=== Your task ===
Leaving out every picture, copy the lines of the material below exactly, from the line containing "this 1200×1600 image." through the line containing "this 1500×1000 image.".

=== Data provided ===
*****

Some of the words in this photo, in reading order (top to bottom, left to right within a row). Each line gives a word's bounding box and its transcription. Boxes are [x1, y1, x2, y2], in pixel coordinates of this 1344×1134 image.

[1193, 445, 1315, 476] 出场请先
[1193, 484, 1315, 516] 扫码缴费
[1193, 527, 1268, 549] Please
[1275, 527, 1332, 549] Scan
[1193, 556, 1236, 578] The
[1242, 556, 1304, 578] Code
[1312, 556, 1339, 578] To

*****

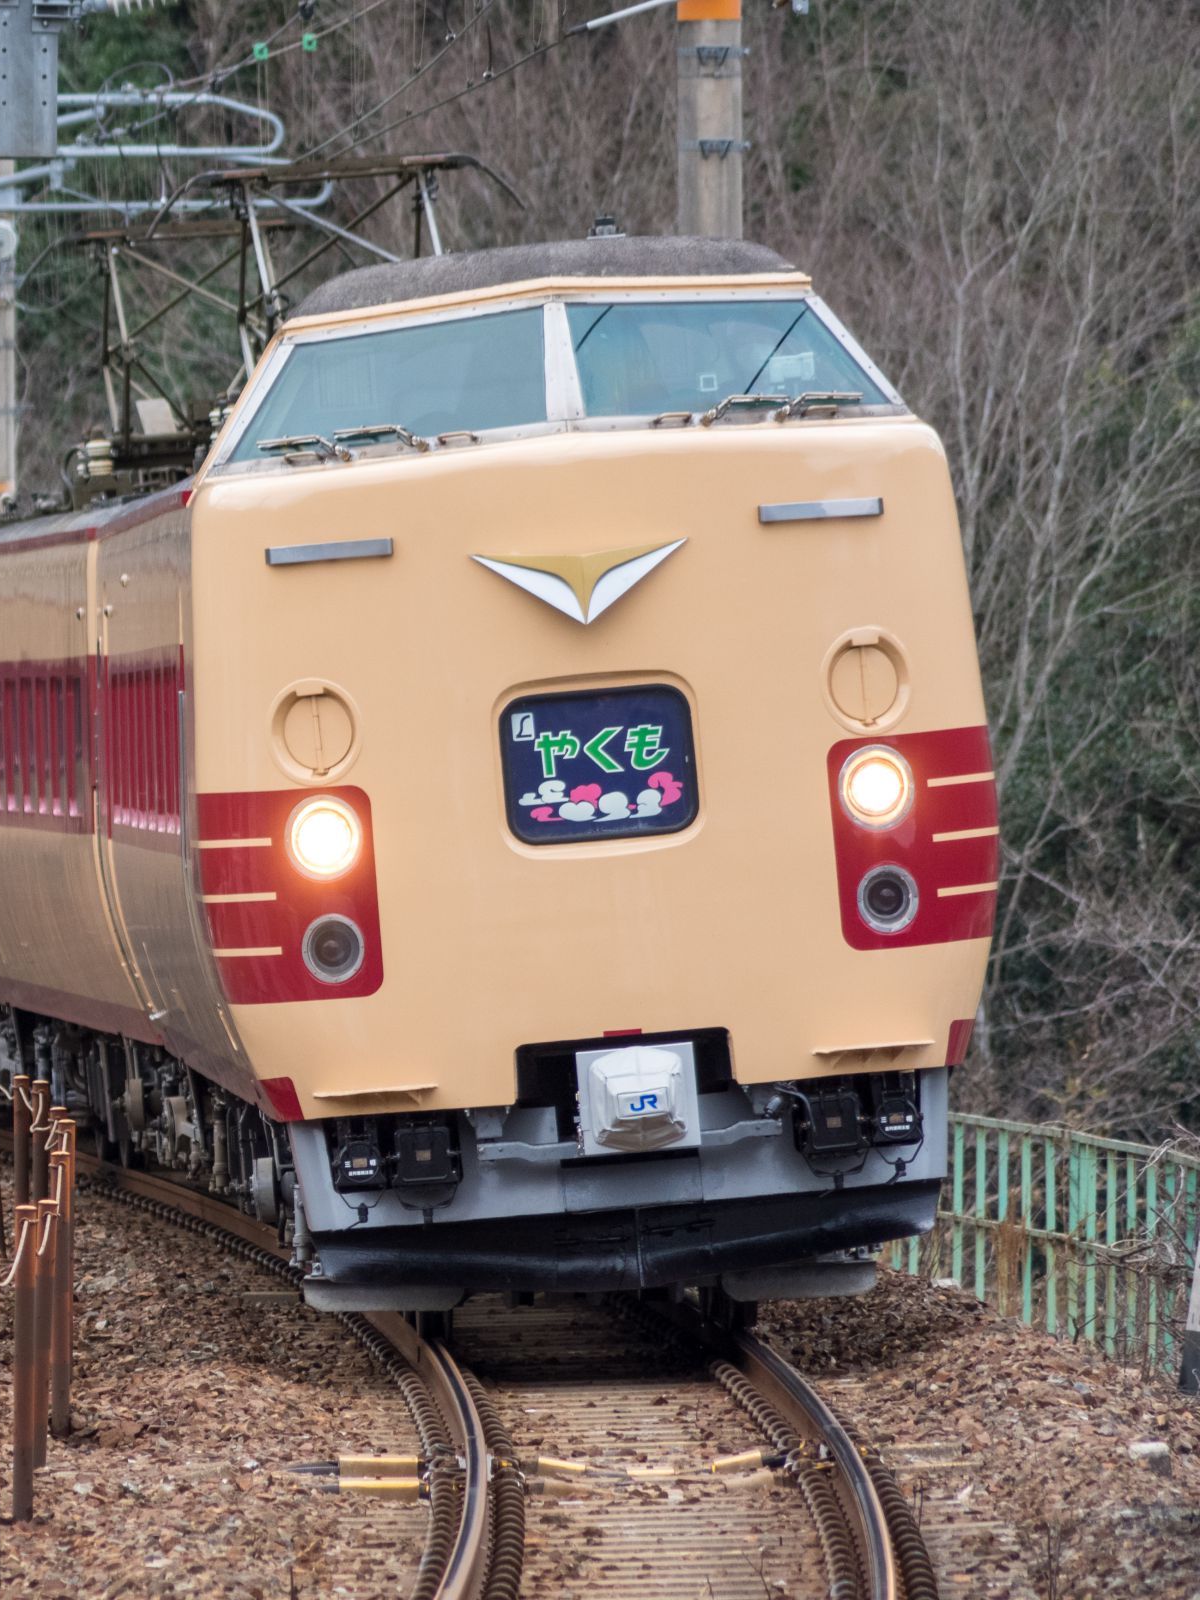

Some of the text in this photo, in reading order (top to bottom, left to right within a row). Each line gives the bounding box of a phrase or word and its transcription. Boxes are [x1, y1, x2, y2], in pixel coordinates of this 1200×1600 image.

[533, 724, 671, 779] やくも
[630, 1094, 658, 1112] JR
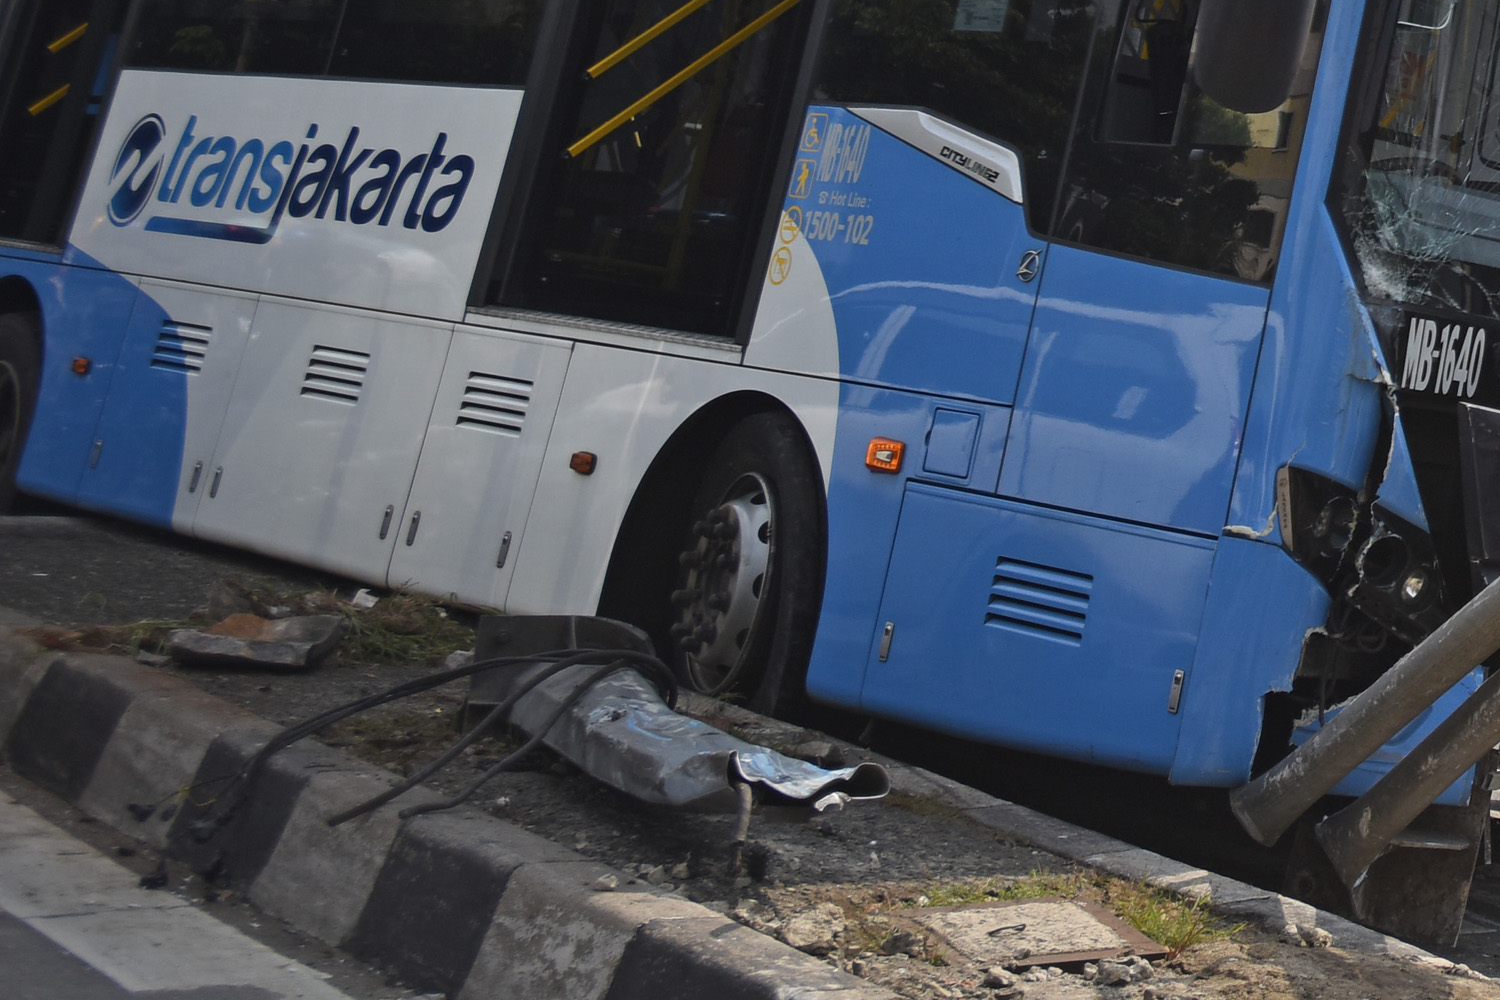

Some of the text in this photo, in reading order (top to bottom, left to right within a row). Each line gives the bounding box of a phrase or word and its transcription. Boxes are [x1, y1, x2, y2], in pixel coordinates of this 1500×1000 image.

*****

=== Response ===
Some of the text in this photo, in reading order (top to bottom, left to right within a row). Each line gives the bounding box of a phrase or word and its transcription. Boxes are [x1, y1, x2, y2], in pixel coordinates of this 1200×1600 image.

[533, 724, 671, 779] やくも
[630, 1094, 658, 1112] JR

Some of the text in this photo, in reading order (top to bottom, left to right within a row). Each line gives the bounding box of a phrase or word and its transcription. Boxes are [x1, y1, x2, y2], in pixel coordinates of this 1500×1000 image.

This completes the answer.